Revived by the food and drink and fortified by another of the little white pills, and most of all comforted by Oliver’s presence in Queenstown, Phoebe felt sure that she was good for the journey to London. As Kendrick was an able-bodied male alien, the port of Fishguard was closed to him and he had to go by way of Dublin and Holyhead, but Oliver’s General had arranged for Phoebe’s entry by the route he had come, and Kendrick promised to turn up in St. James’s Square on Monday.
“I don’t have to worry about you any more,” he said to Phoebe as he saw them off in a reserved compartment on the Rosslaire train, and he kept her left hand in his, looking down at her with his quirky smile. “It’s up to the British Army now to get you to London, and you’ll be in good hands.” When Phoebe found nothing to reply to that which would de-compromise Oliver at once, Kendrick turned to him and said, “Well, good luck the both of you. And don’t let the grass grow under your feet.”
“Oh, Mr. Kendrick, please—!” Phoebe began anxiously. “Oliver isn’t—we aren’t—”
“Oh, all right, if you say so. But I’ve got eyes, haven’t I?” he grinned, and left them with a cheery wave.
“I’d better write him a letter—he’ll be at Claridge’s,” Phoebe said hastily. “I’d better tell him straight out that he’s made a
mistake—that you have a wife. Or else he’ll make some kind of break in front of everybody when he comes to call.”
“Don’t worry about it now,” said Oliver, and unfolded a rug. “Just put your feet up and lean back on this cushion and rest. I’m not at all sure I ought to let you attempt this journey yet.”
“Think I was going to let you out of my sight?” Phoebe sighed, allowing herself to be tucked up nearly full length on the seat of the carriage. She smiled up at him over the edge of the rug. “How did you manage this, anyway, things being as they are?”
“I just walked out,” he said laconically, folding the rug under her feet with a little pat.

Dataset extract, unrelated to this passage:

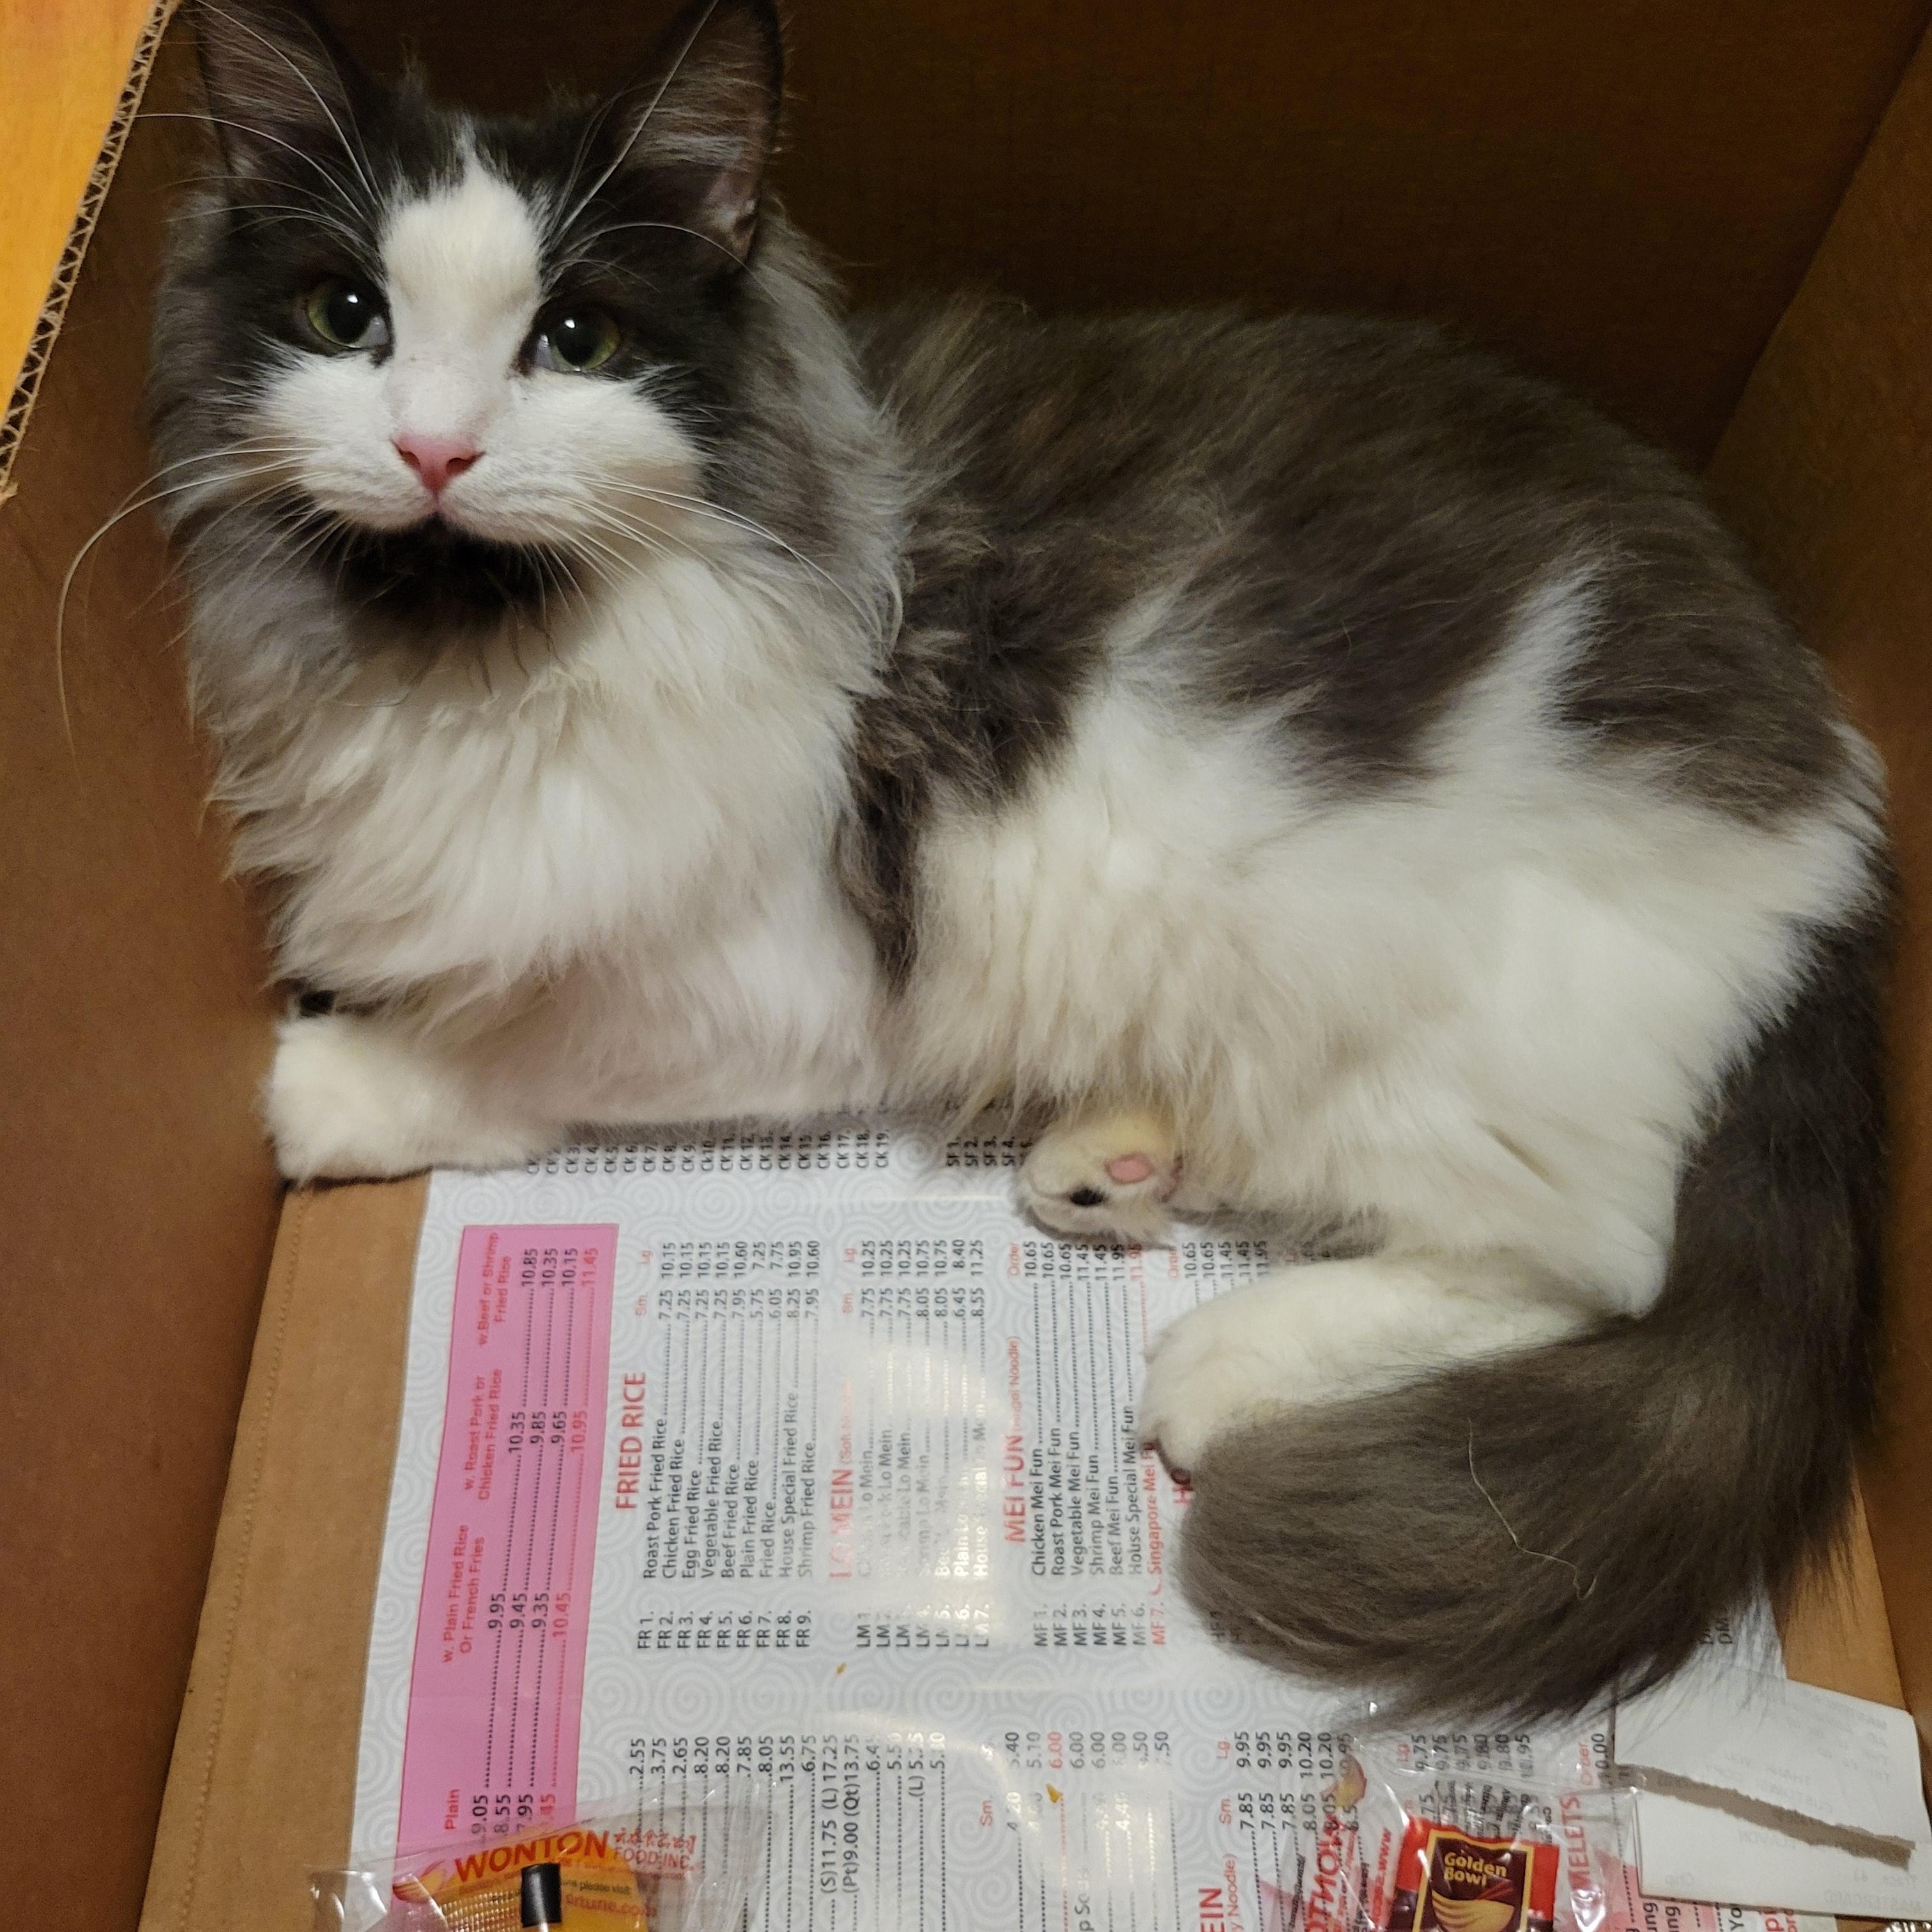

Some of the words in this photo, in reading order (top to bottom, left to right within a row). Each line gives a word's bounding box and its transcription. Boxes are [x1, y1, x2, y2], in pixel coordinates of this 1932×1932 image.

“And will there be hell to pay when we get to
London?”
“All sorts of it. Go to sleep.”
“What did you tell the War Office?”
“That you were a sort of relative—young and helpless—travelling alone. The War Office
has a very kind heart.” He bent over her as the train began to move out of the station, one hand braced on the seat behind her head. “I should have given myself away just as badly if I had tried to stick it out in London till we knew what had become of you.”
“You
have
given us away now, haven’t you!”
“Yes, I suppose I have. Go to sleep.” He kissed her lightly on the lips as she lay looking up at him, and then sat down on the seat opposite and opened a copy of the
Bystander.
And almost before she knew it, lulled by the motion of the train and more hot food and little white pills, and most of all by the comforting, beloved presence near-by, Phoebe fell asleep.
V
IRGINIA
was waiting at Paddington with a motor car, and by that time Phoebe was running a temperature of 102° and had to be put to bed with bronchitis and a torturing cough. During
the wretched weeks which followed she never ceased to be thankful that she had managed to reach London before she collapsed, and even Maia was reduced to seething silence by the gravity of Phoebe’s condition.
Thus Phoebe was spared the sort of scene which might have occurred if she had entered the house in St. James’s Square with Oliver in any other circumstances, and only Oliver knew what he had to bear of innuendo and recrimination in private. He stuck pleasantly and firmly to his statement that it was only decent that someone of the family should have gone to
Queenstown
, and that he was the only one in a position to arrange it, and that without him she might have died there, alone, of the effects of the exposure from which they were still fighting to save her with the best care London could provide. And except for Maia’s knowing silences and oblique, hostile glances, he considered that he had got off quite lightly.